(Records from a data source)
────────────────────────────────────────

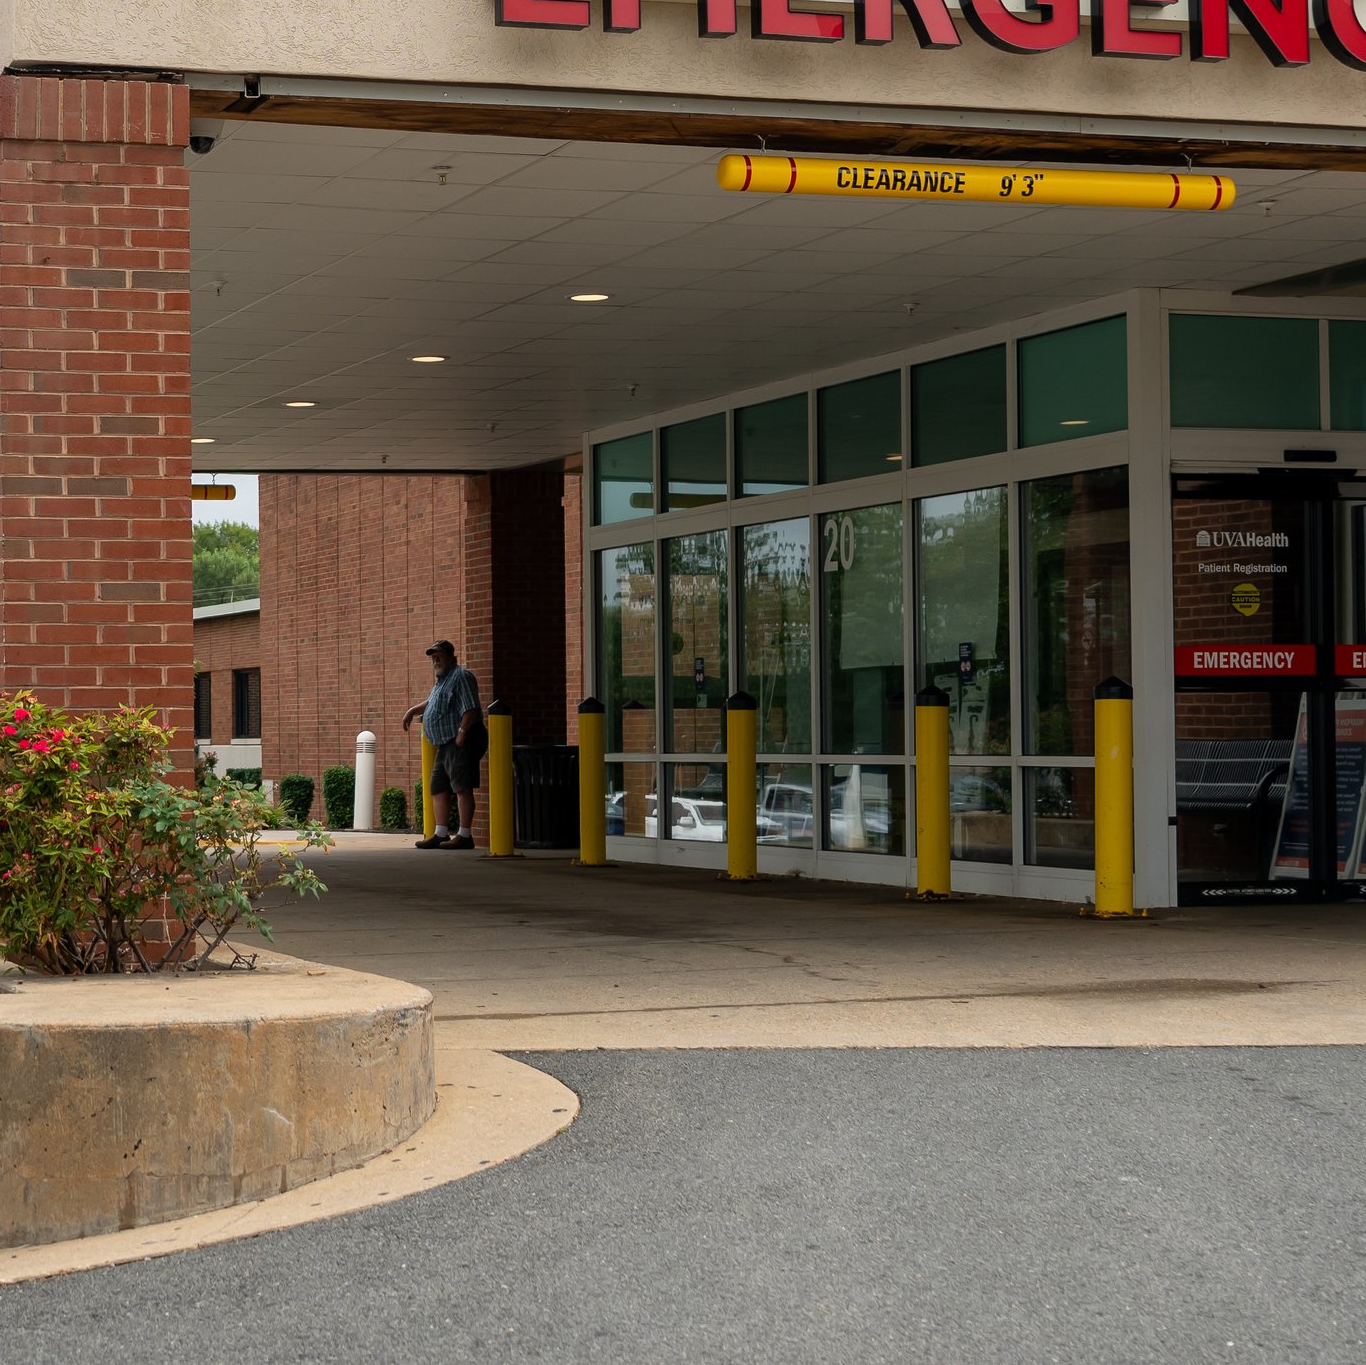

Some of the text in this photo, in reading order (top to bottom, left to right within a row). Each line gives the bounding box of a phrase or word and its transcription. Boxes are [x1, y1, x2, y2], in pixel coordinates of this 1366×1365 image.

[836, 165, 966, 194] CLEARANCE
[823, 515, 855, 572] 20
[1198, 563, 1288, 574] Patient Registration
[1193, 651, 1295, 669] EMERGENCY
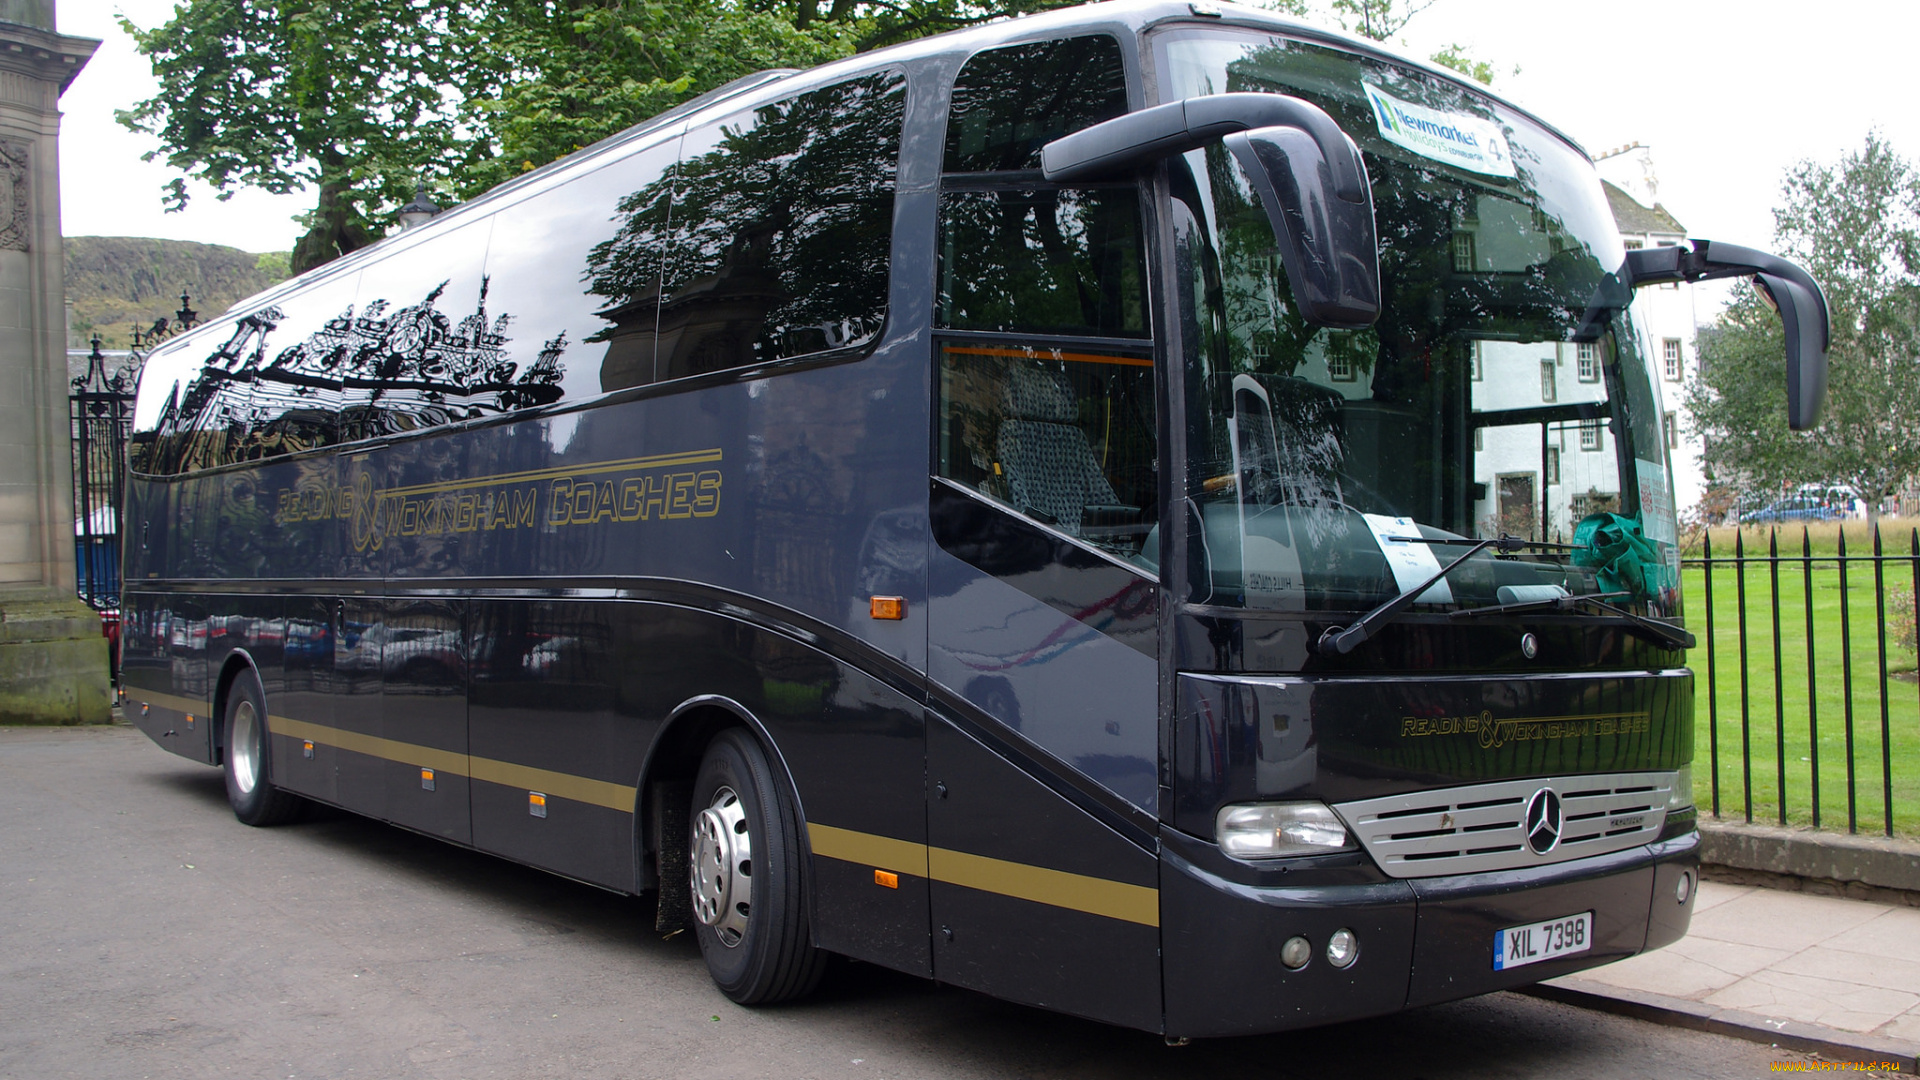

────────────────────────────────────────

**Required action**
Transcribe all entries above exactly. Omit the pictures.

**Result for this exercise**
Some of the text in this photo, in reading order (top to bottom, left to right within a row). Each line gives the bounding box of a phrase or word and its transcription. Boxes are [x1, y1, x2, y2], in pixel coordinates of this 1366×1365 image.

[836, 165, 966, 194] CLEARANCE
[823, 515, 855, 572] 20
[1198, 563, 1288, 574] Patient Registration
[1193, 651, 1295, 669] EMERGENCY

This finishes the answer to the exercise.